> **DATA FOR THIS TASK**:

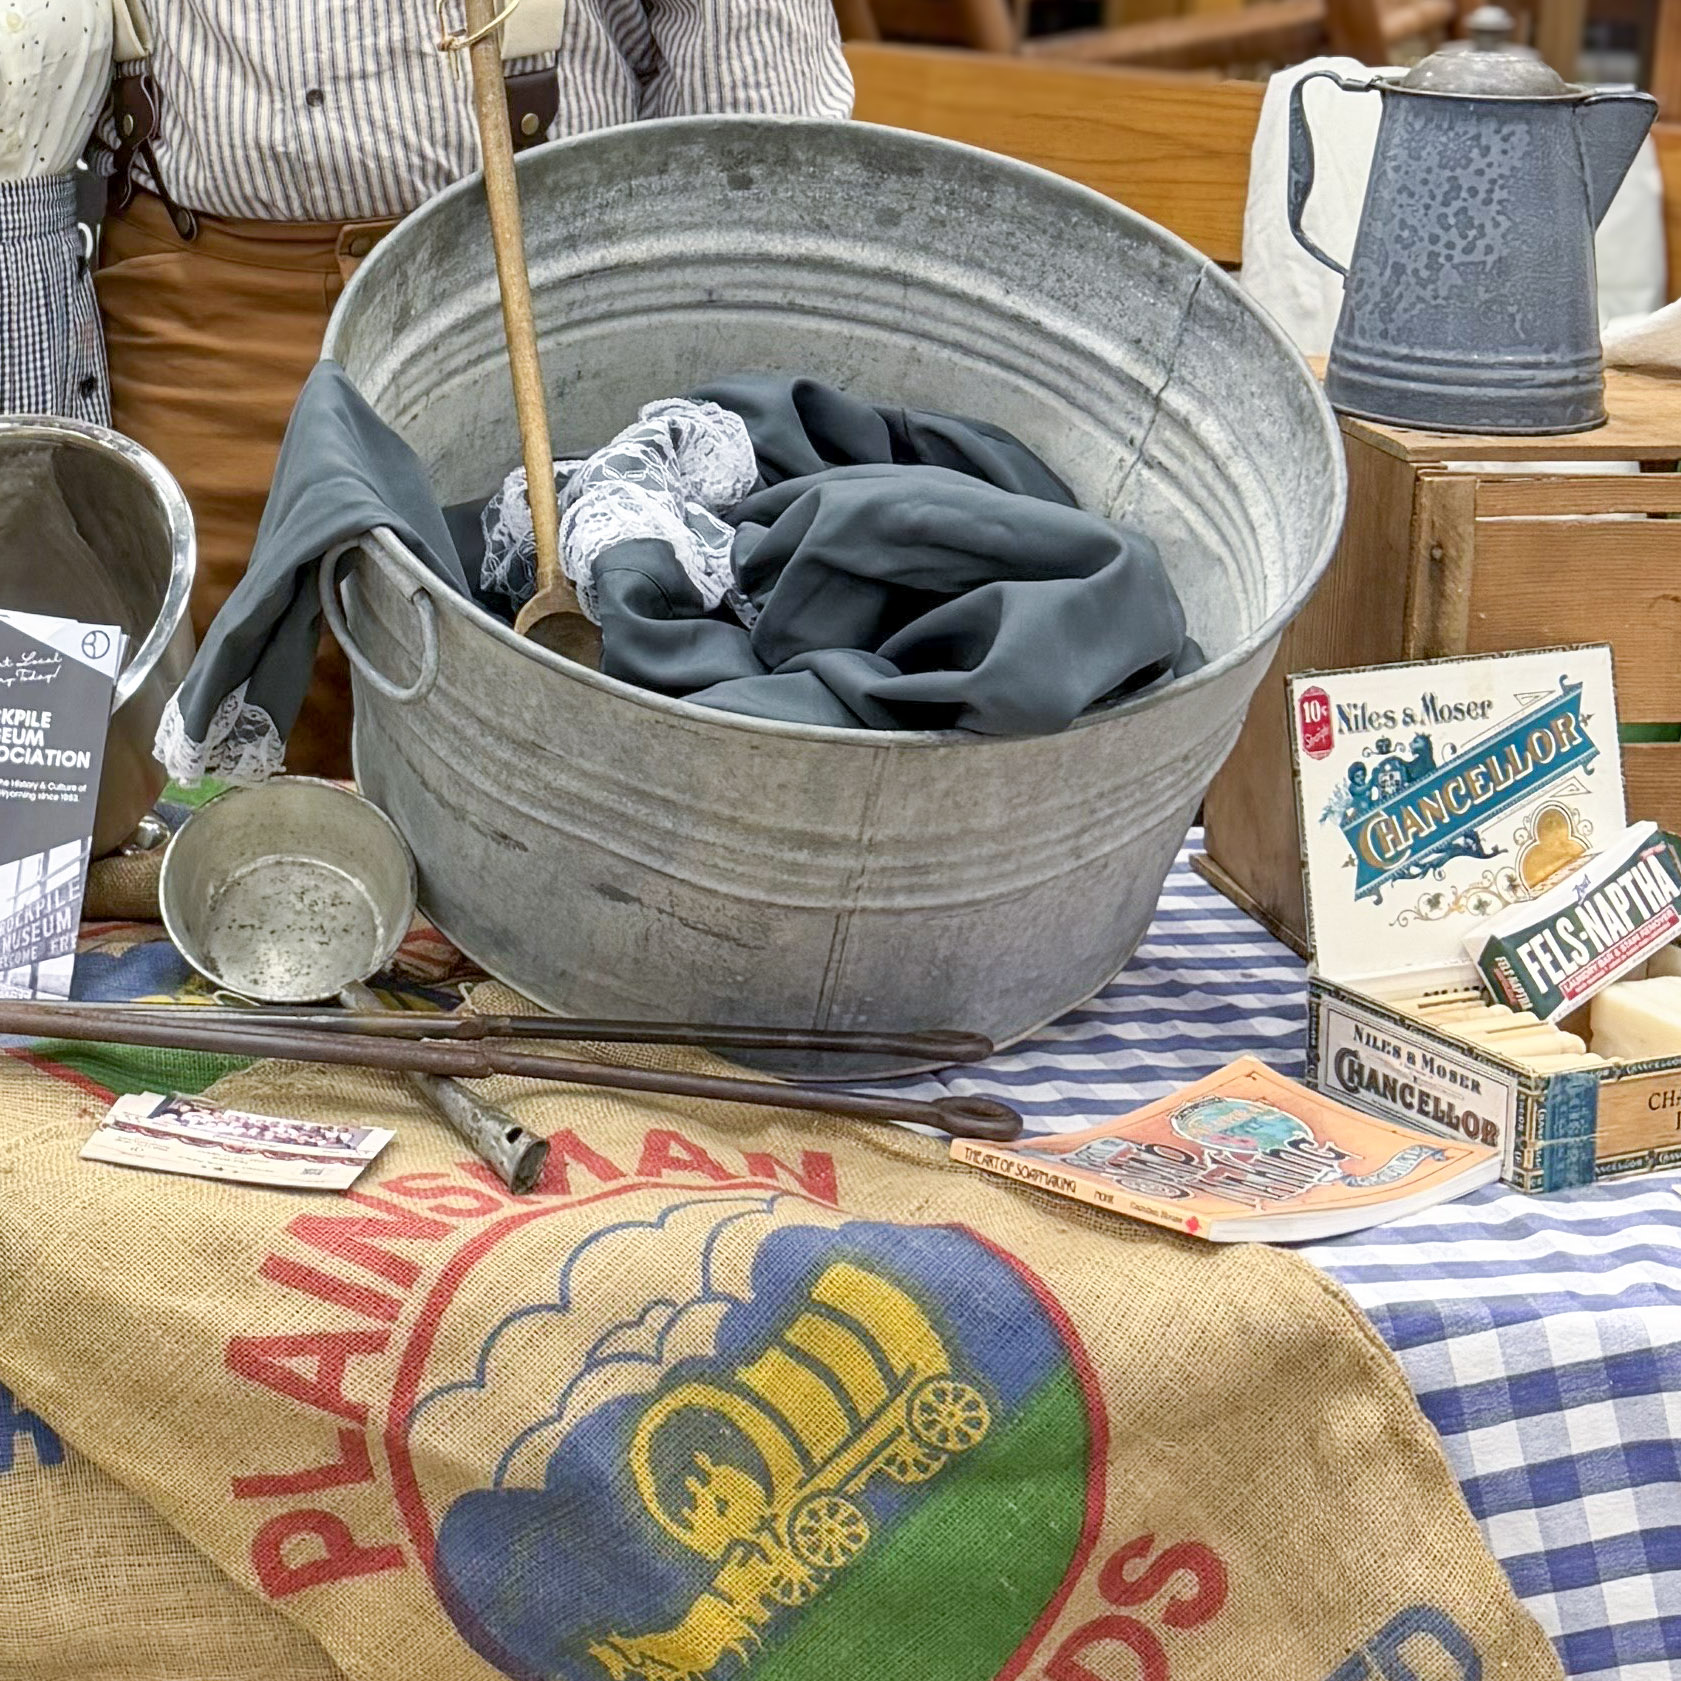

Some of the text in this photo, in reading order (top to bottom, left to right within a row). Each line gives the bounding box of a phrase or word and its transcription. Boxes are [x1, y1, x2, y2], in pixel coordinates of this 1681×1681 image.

[1336, 702, 1398, 735] Niles
[1421, 691, 1494, 726] Moser
[1357, 710, 1583, 870] CHANCELLOR
[0, 880, 81, 936] ROCKPILE
[2, 905, 72, 954] MUSEUM
[1516, 854, 1681, 995] FELS-NAPTHA
[1353, 1023, 1402, 1059] NILES
[1421, 1052, 1482, 1096] MOSER
[1334, 1047, 1499, 1148] CHANCELLOR
[964, 1146, 984, 1166] THE
[983, 1152, 1001, 1172] ART
[224, 1128, 838, 1600] PLAINSMAN

> **WHAT YOU NEED TO DO**:
Without the pictures, reproduce the entries exactly.

> **OUTPUT**:
Some of the text in this photo, in reading order (top to bottom, left to right within a row). Each line gives the bounding box of a phrase or word and its transcription. Boxes are [x1, y1, x2, y2], in pixel coordinates of this 1681×1681 image.

[1336, 702, 1398, 735] Niles
[1421, 691, 1494, 726] Moser
[1357, 710, 1583, 870] CHANCELLOR
[0, 880, 81, 936] ROCKPILE
[2, 905, 72, 954] MUSEUM
[1516, 854, 1681, 995] FELS-NAPTHA
[1353, 1023, 1402, 1059] NILES
[1421, 1052, 1482, 1096] MOSER
[1334, 1047, 1499, 1148] CHANCELLOR
[964, 1146, 984, 1166] THE
[983, 1152, 1001, 1172] ART
[224, 1128, 838, 1600] PLAINSMAN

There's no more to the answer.